Dragonflies at Night is a novel about love so strong that it lasts, even after death.

In Anne Marie Bennett’s romance novel Dragonflies at Night, a lovestruck couple works through their emotional blocks and career challenges to create their dream life together.

Savannah has planned the perfect getaway from her busy party-planning business: a weekend full of yoga and meditation at Kripalu. The trip is meant to simplify her life. Instead, the weekend brings more complications. She meets an international rockstar, Ben, on the yoga mats and falls head over heels in love.

The good news is: Ben feels the same way. The bad news is: not only do Ben and Savannah live on opposite coasts, but their fast-moving relationship has their friends on high alert. Meanwhile, Ben’s enthusiastic fans, and the privacy-busting paparazzi, force the couple’s relationship into the public eye. With honesty, creativity, and support, Savannah and Ben do everything they can to build their once-in-a-lifetime love.

Savannah—an introvert facing Ben’s world of screaming groupies, intrusive reporters, and controlling publicists—is also passionate about her career, which is imparted in conversations with her coworkers and friends.
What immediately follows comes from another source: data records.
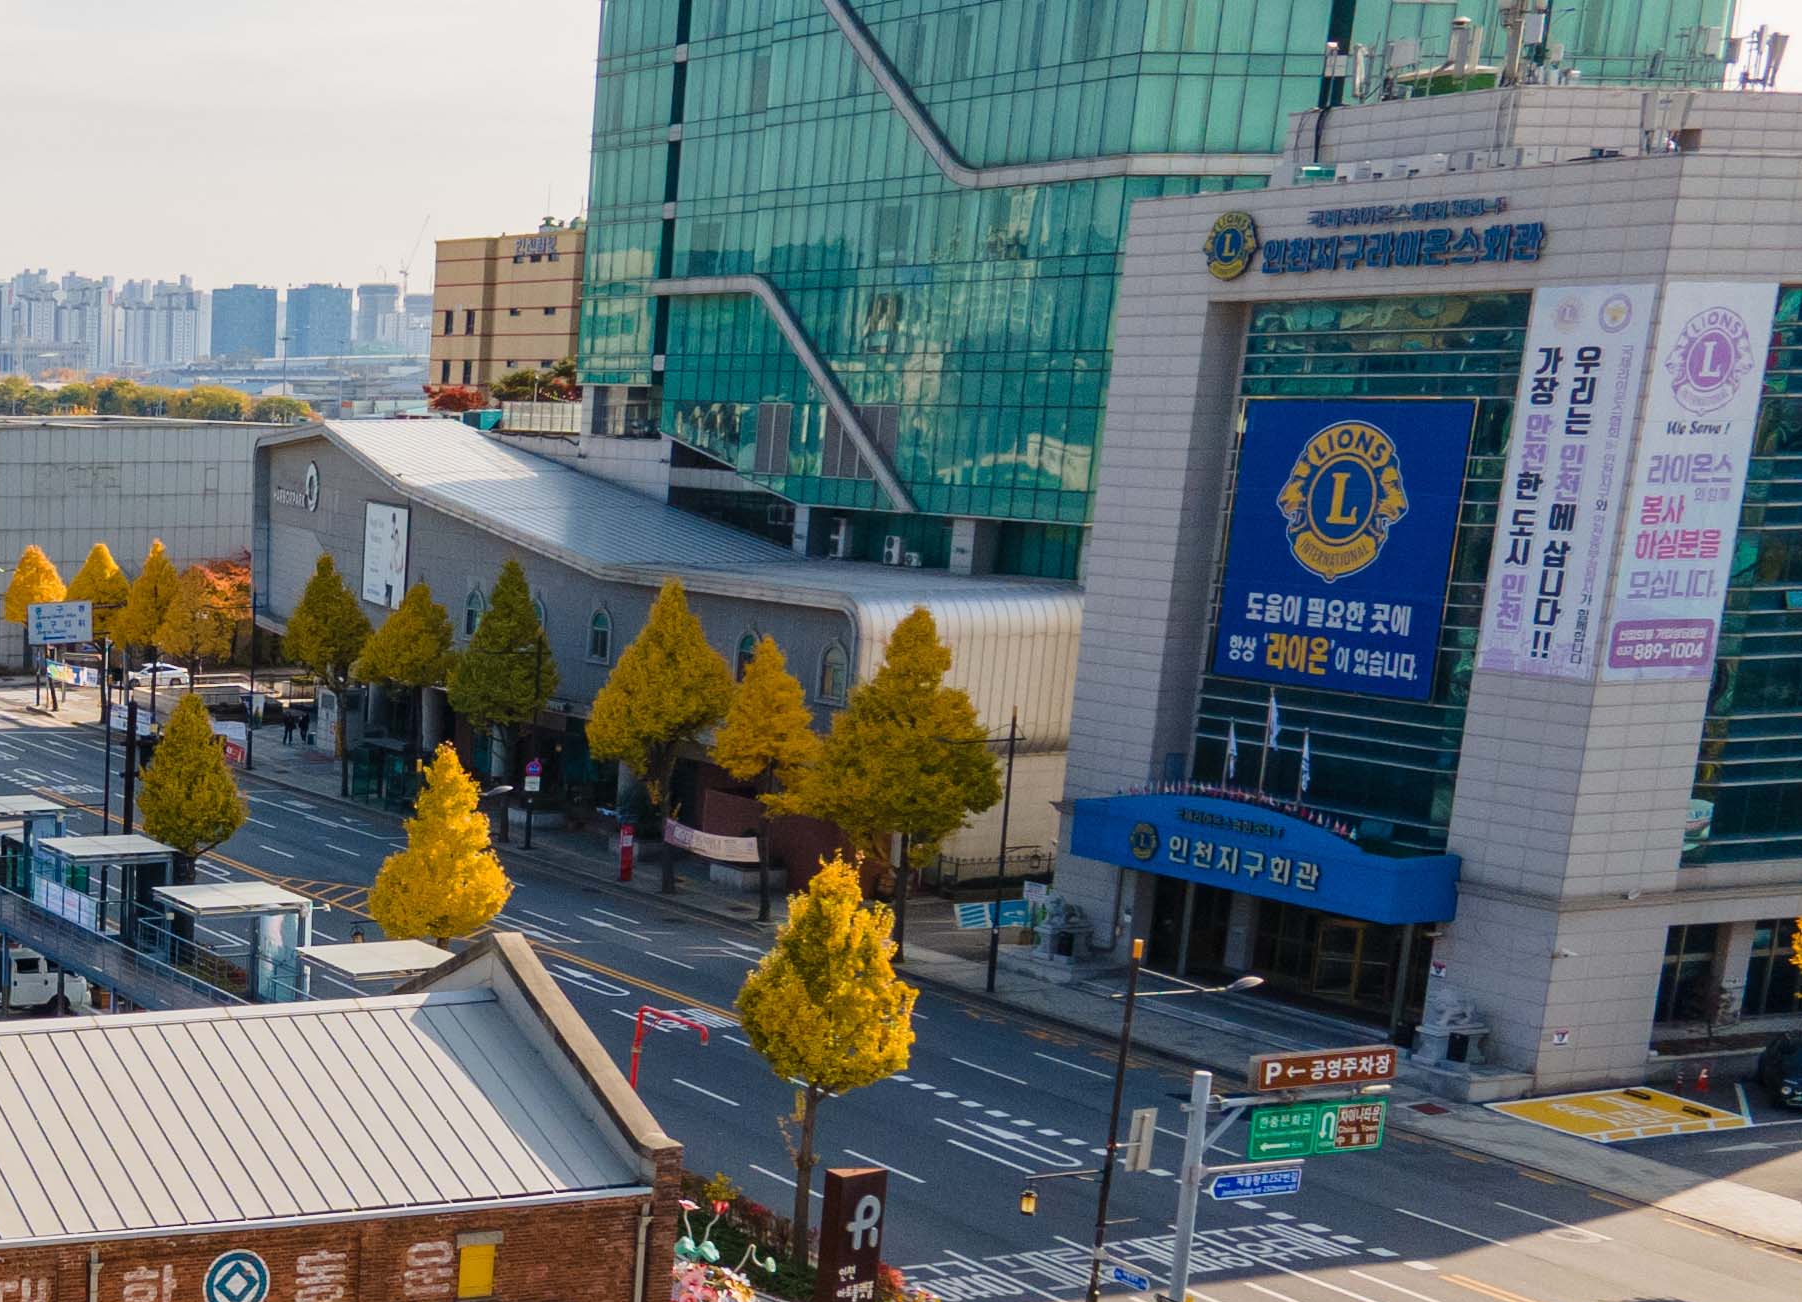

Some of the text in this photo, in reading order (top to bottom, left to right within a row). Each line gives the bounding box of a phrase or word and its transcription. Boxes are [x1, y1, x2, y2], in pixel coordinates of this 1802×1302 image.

[1261, 222, 1545, 274] 인천지구라이온스회관
[1691, 311, 1742, 334] LIONS
[1530, 347, 1563, 405] 가장
[1698, 341, 1721, 378] L
[1564, 346, 1601, 435] 우리는
[1313, 429, 1388, 462] LIONS
[1666, 420, 1687, 435] We
[1647, 453, 1734, 484] 라이온스
[1325, 472, 1358, 525] L
[1548, 444, 1585, 531] 인천에
[1641, 495, 1685, 525] 봉사
[1299, 539, 1371, 569] INTERNATIONAL
[1504, 509, 1536, 566] 도시
[1634, 529, 1722, 560] 하실분을
[1533, 540, 1571, 626] 삽니다
[1245, 592, 1412, 637] 도움이 필요한 곳에
[1497, 574, 1526, 632] 인천
[1229, 634, 1257, 662] 항상
[1633, 642, 1704, 661] 889-1004
[1168, 835, 1319, 891] 인천지구회관
[1310, 1054, 1391, 1081] 공영주차장
Her backstory includes the loss of her mother to cancer, and she has a lingering fear of illness that keeps her from committing to Ben. Ben’s character is more built up around his career; he interrupts conversations to write down song ideas in a notebook. These lyrics are featured at the beginning of each chapter, connecting his love of Savannah with the music it inspires.
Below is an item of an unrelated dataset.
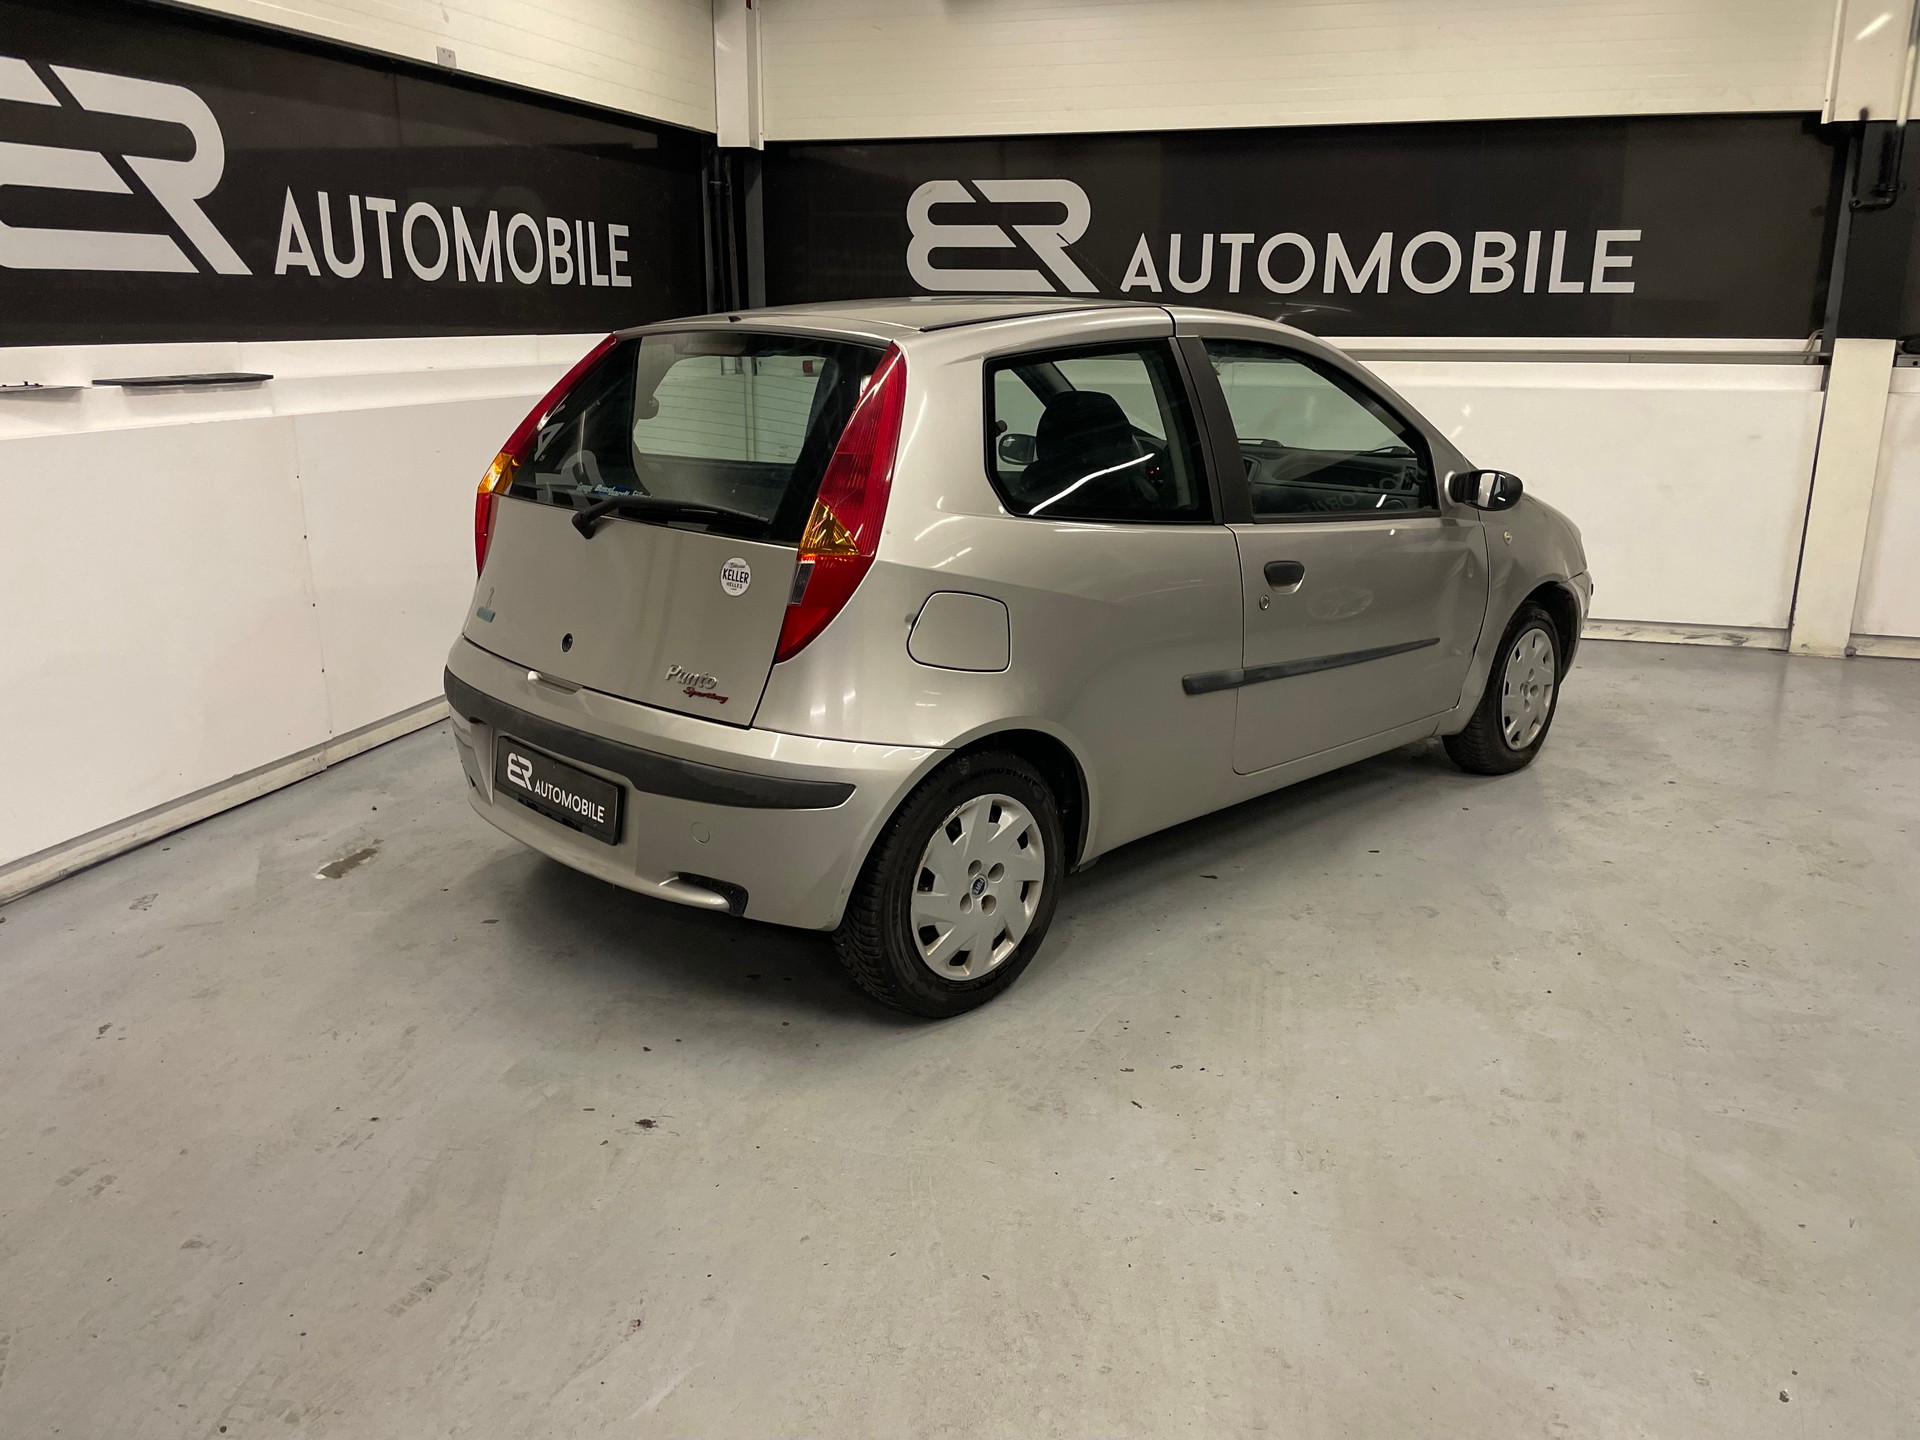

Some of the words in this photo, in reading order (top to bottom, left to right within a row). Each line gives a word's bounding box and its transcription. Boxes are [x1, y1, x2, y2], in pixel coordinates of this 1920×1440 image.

Savannah’s mother’s spirit lingers close to her daughter; the narrative’s perspectives include hers, and she is tender and sentimental. Moments with Savannah’s mother often involve dragonflies, which become an important, repeating representation of guidance from beyond. But it’s Ben and Savannah’s relationship that guides the novel and its characters most.

The speed and intensity with which the couple’s attachment forms are addressed in direct ways to diffuse concern around the unrealistic elements of their romance. Still, the speed with which they move dampens the excitement of their coupling. Though they face initial resistance from friends and family and struggle with their own insecurities, these issues are resolved with speed and ease. There’s little tension involved, and their story becomes predictable.

Ben’s assistant, with whom he has humorous conversations, and Savannah’s business partner, whose bold, open personality contrasts with hers, also feel attraction to one another. Their relationship is an opposing mirror of Savannah and Ben’s: though Savannah and Ben are ready to drop everything to be together, their friends are hesitant to do the same. Still, their romance has a neat resolution in the novel’s rushed ending.

Dragonflies at Night is a novel about love so strong that it lasts, even after death.

Reviewed by Delia Stanley

Disclosure: This article is not an endorsement, but a review. The publisher of this book provided free copies of the book and paid a small fee to have their book reviewed by a professional reviewer. Foreword Reviews and Clarion Reviews make no guarantee that the publisher will receive a positive review. Foreword Magazine, Inc. is disclosing this in accordance with the Federal Trade Commission’s 16 CFR, Part 255.